[[ GIVEN RECORDS, beginning ]]

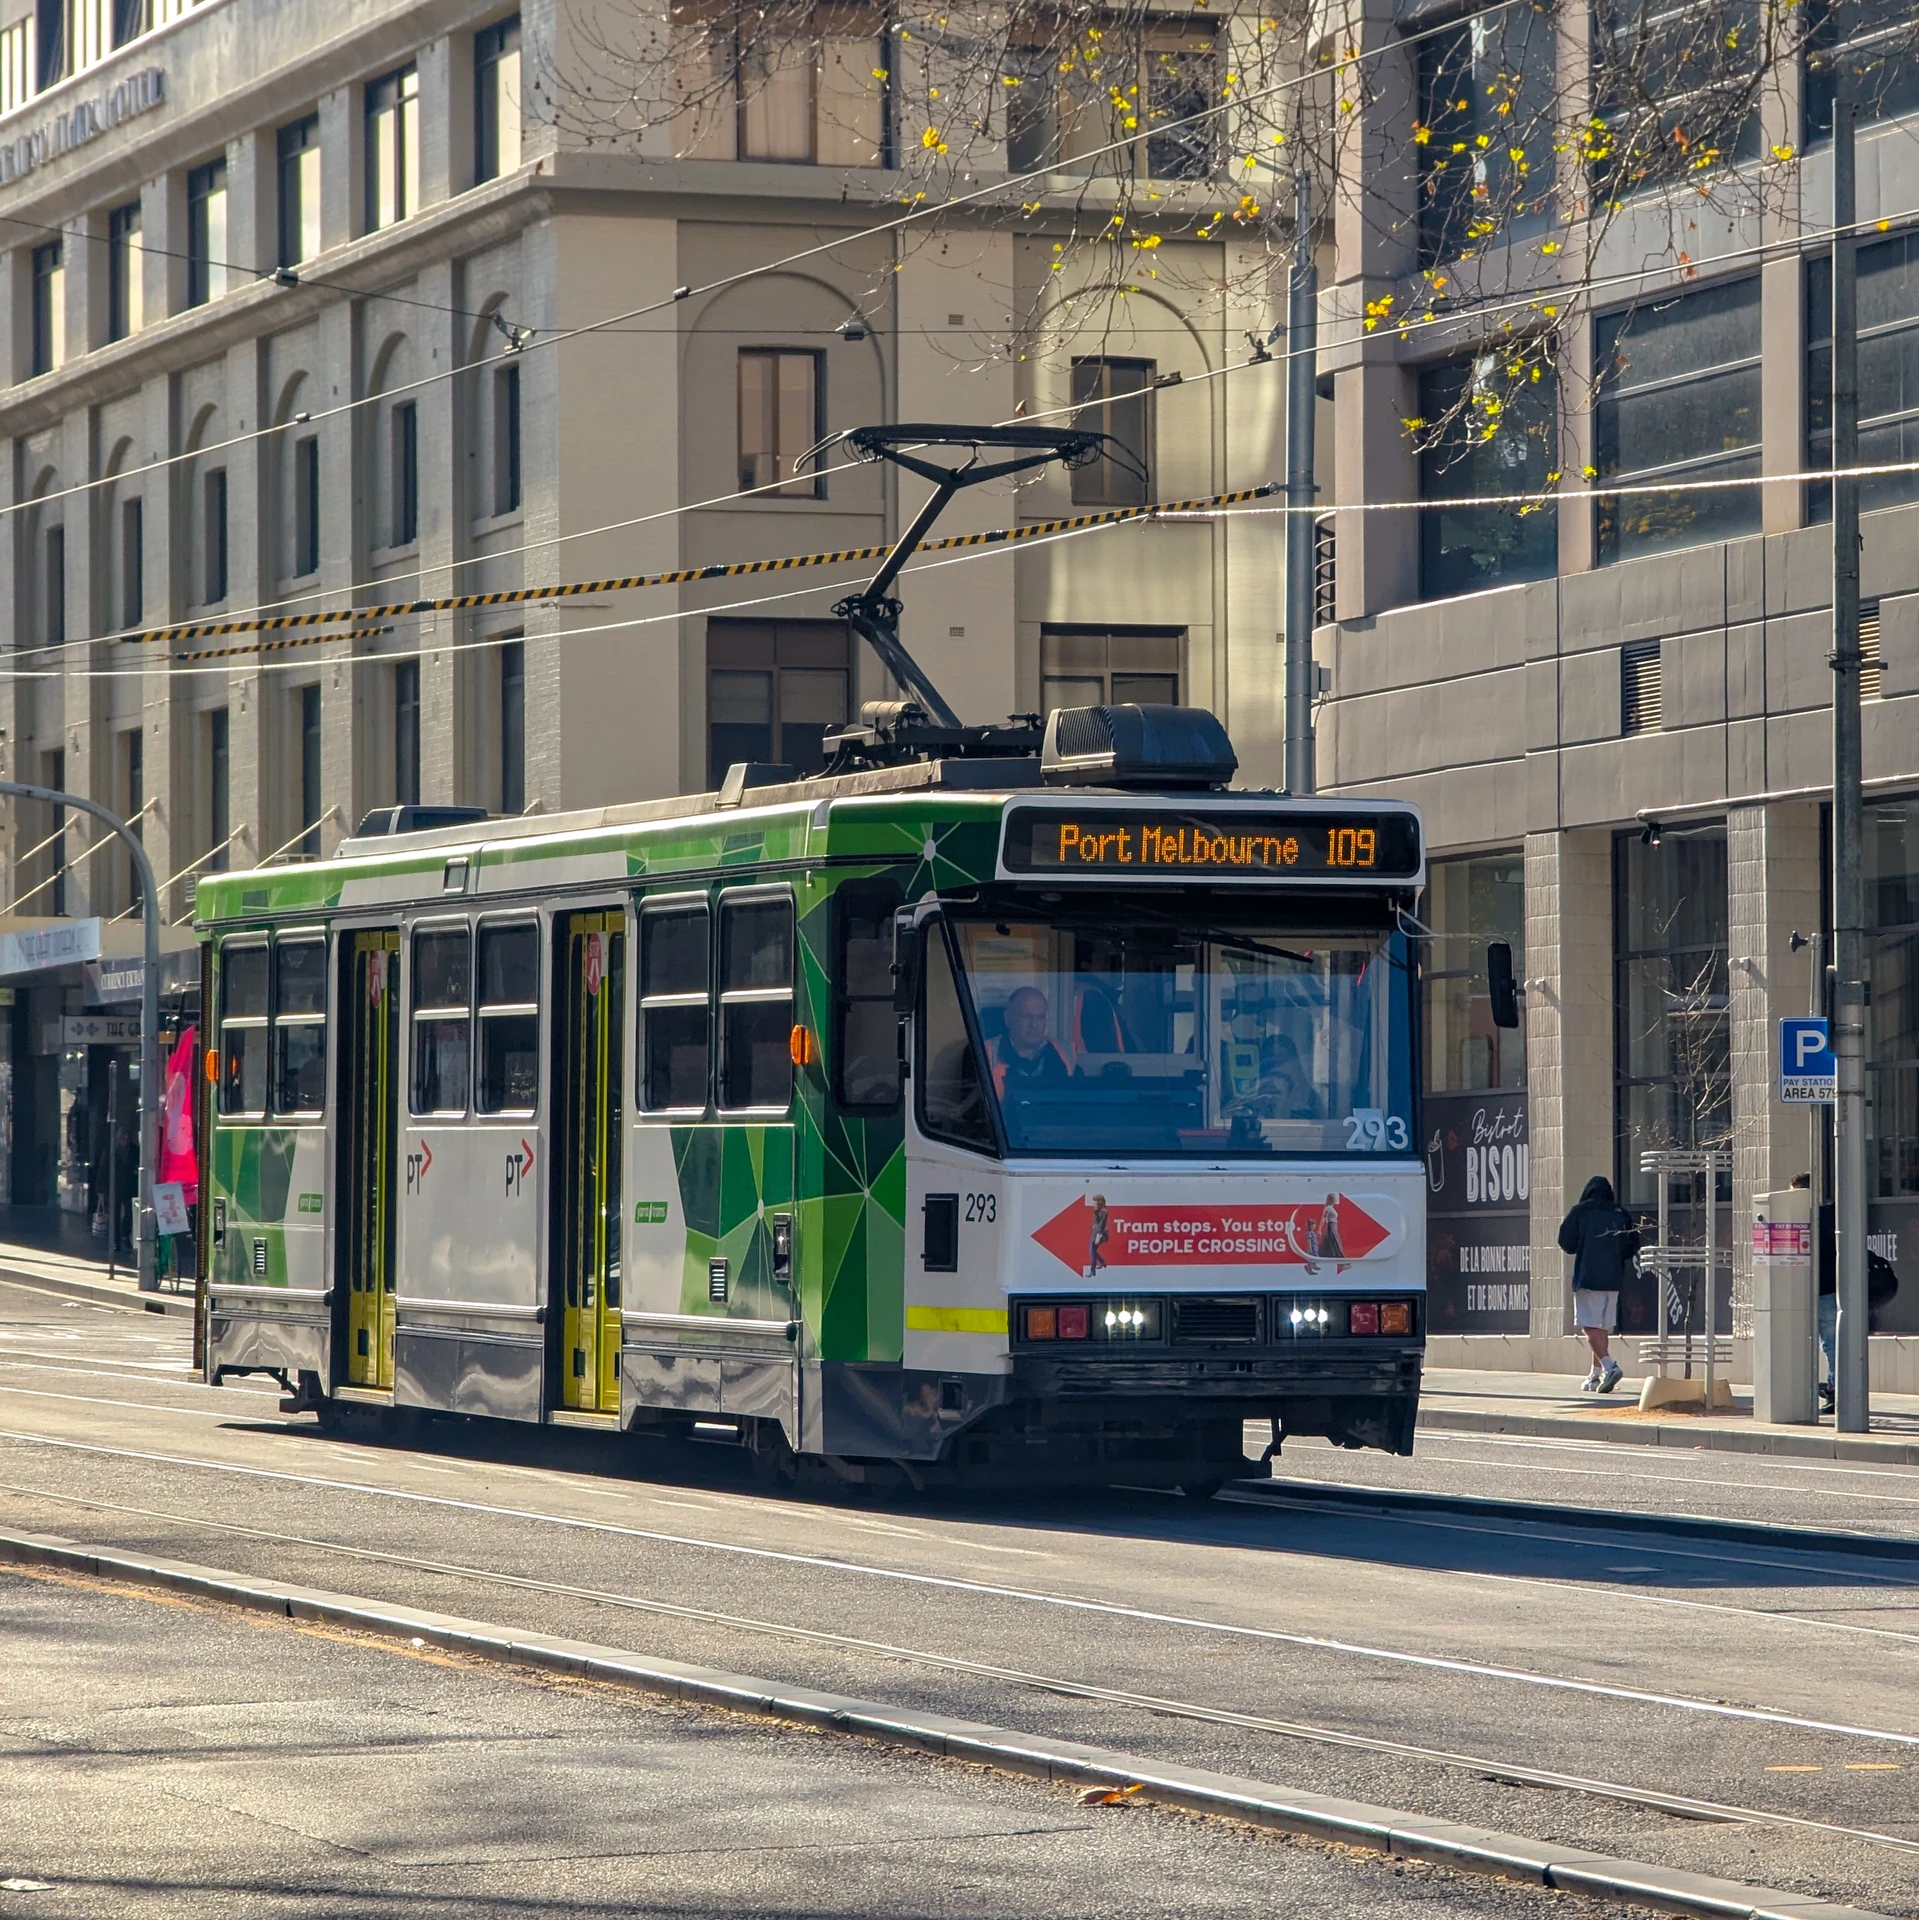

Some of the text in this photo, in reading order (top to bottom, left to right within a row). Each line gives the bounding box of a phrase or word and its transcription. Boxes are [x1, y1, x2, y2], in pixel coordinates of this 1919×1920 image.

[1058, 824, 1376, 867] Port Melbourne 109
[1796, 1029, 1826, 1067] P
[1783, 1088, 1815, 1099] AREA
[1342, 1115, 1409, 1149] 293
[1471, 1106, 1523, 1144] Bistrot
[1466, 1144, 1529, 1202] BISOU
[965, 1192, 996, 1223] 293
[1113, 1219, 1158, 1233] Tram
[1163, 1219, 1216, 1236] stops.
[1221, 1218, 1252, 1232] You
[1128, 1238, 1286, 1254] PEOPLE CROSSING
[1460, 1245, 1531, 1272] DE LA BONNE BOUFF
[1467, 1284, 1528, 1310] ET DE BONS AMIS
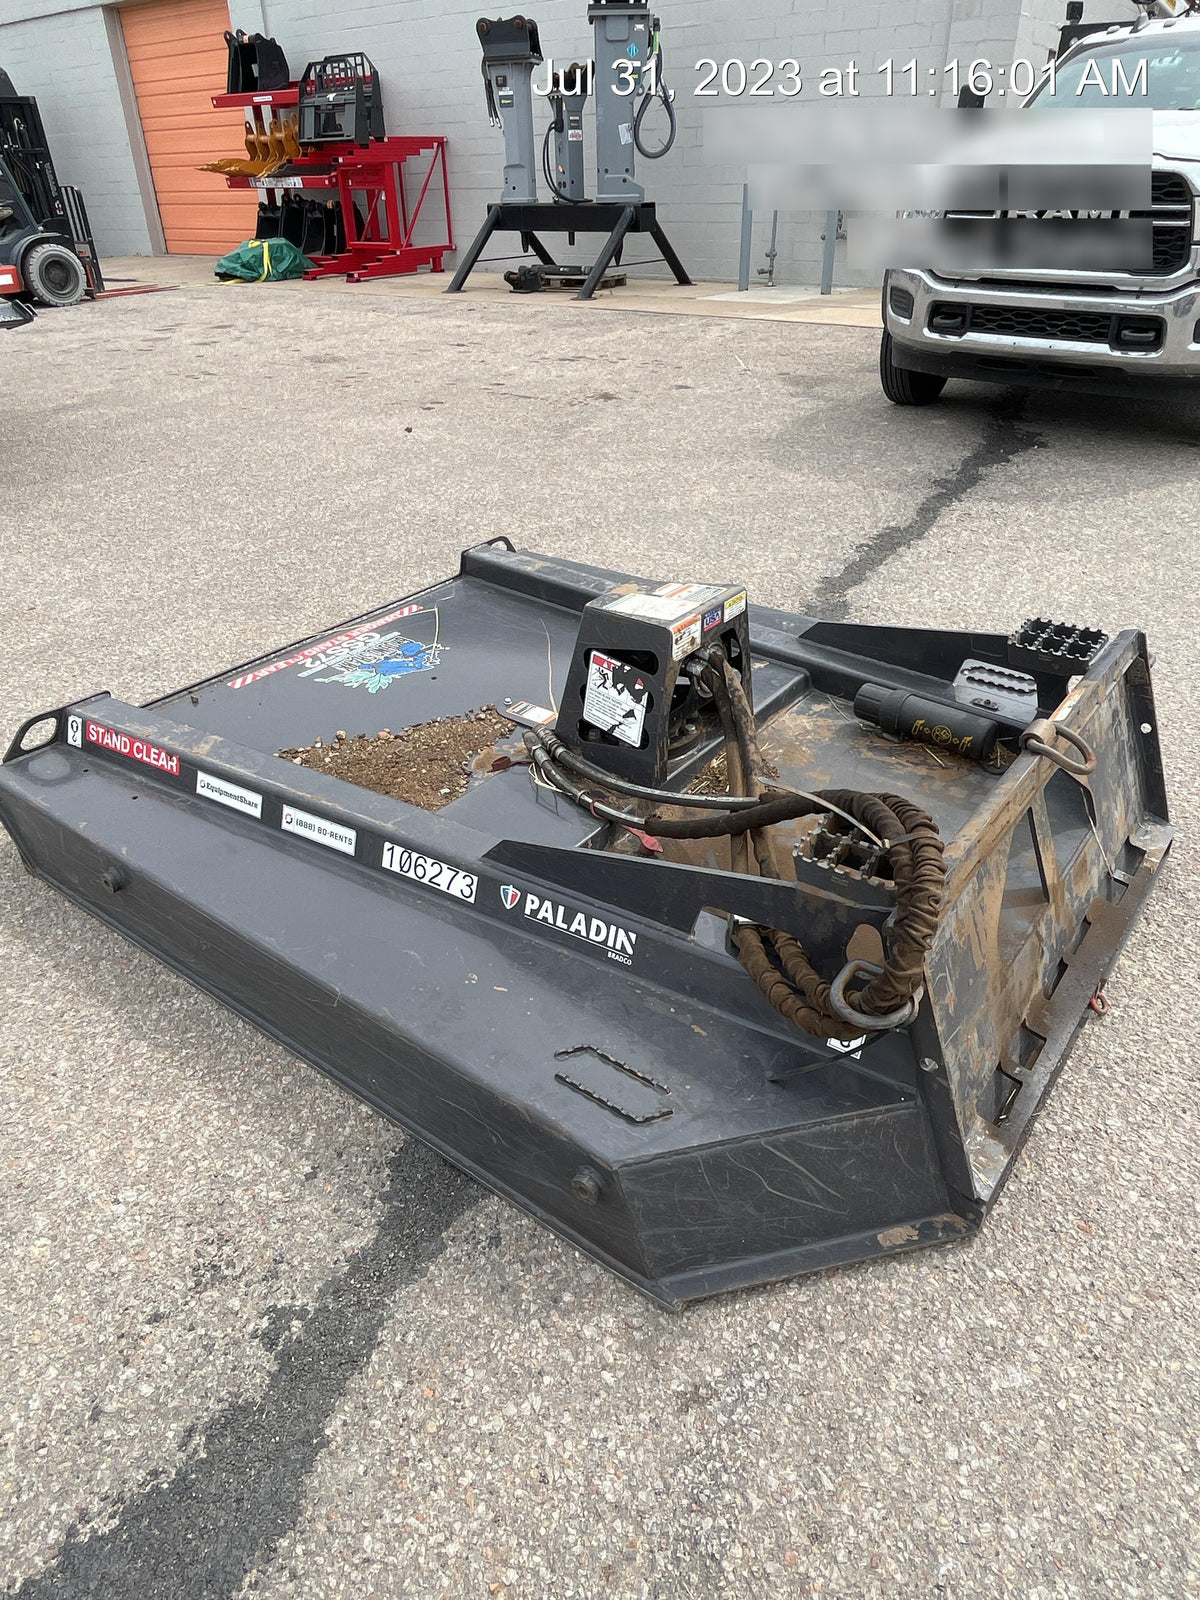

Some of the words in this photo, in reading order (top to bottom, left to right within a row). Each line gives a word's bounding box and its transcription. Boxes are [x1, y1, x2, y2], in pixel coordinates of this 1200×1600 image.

[[ GIVEN RECORDS, end ]]

## WORK TASK:
The data above must be given again in full and unaltered, minus its images.

## OUTPUT OF THE TASK:
Some of the text in this photo, in reading order (top to bottom, left to right within a row). Each line gives the bounding box of a phrase or word and its transcription. Boxes are [x1, y1, x2, y2], in pixel coordinates of this 1919×1920 image.

[1058, 824, 1376, 867] Port Melbourne 109
[1796, 1029, 1826, 1067] P
[1783, 1088, 1815, 1099] AREA
[1342, 1115, 1409, 1149] 293
[1471, 1106, 1523, 1144] Bistrot
[1466, 1144, 1529, 1202] BISOU
[965, 1192, 996, 1223] 293
[1113, 1219, 1158, 1233] Tram
[1163, 1219, 1216, 1236] stops.
[1221, 1218, 1252, 1232] You
[1128, 1238, 1286, 1254] PEOPLE CROSSING
[1460, 1245, 1531, 1272] DE LA BONNE BOUFF
[1467, 1284, 1528, 1310] ET DE BONS AMIS

Some of the words in this photo, in reading order (top to bottom, left to right within a row). Each line gives a word's bounding box and its transcription. Boxes are [x1, y1, x2, y2], in pixel coordinates of this 1200×1600 image.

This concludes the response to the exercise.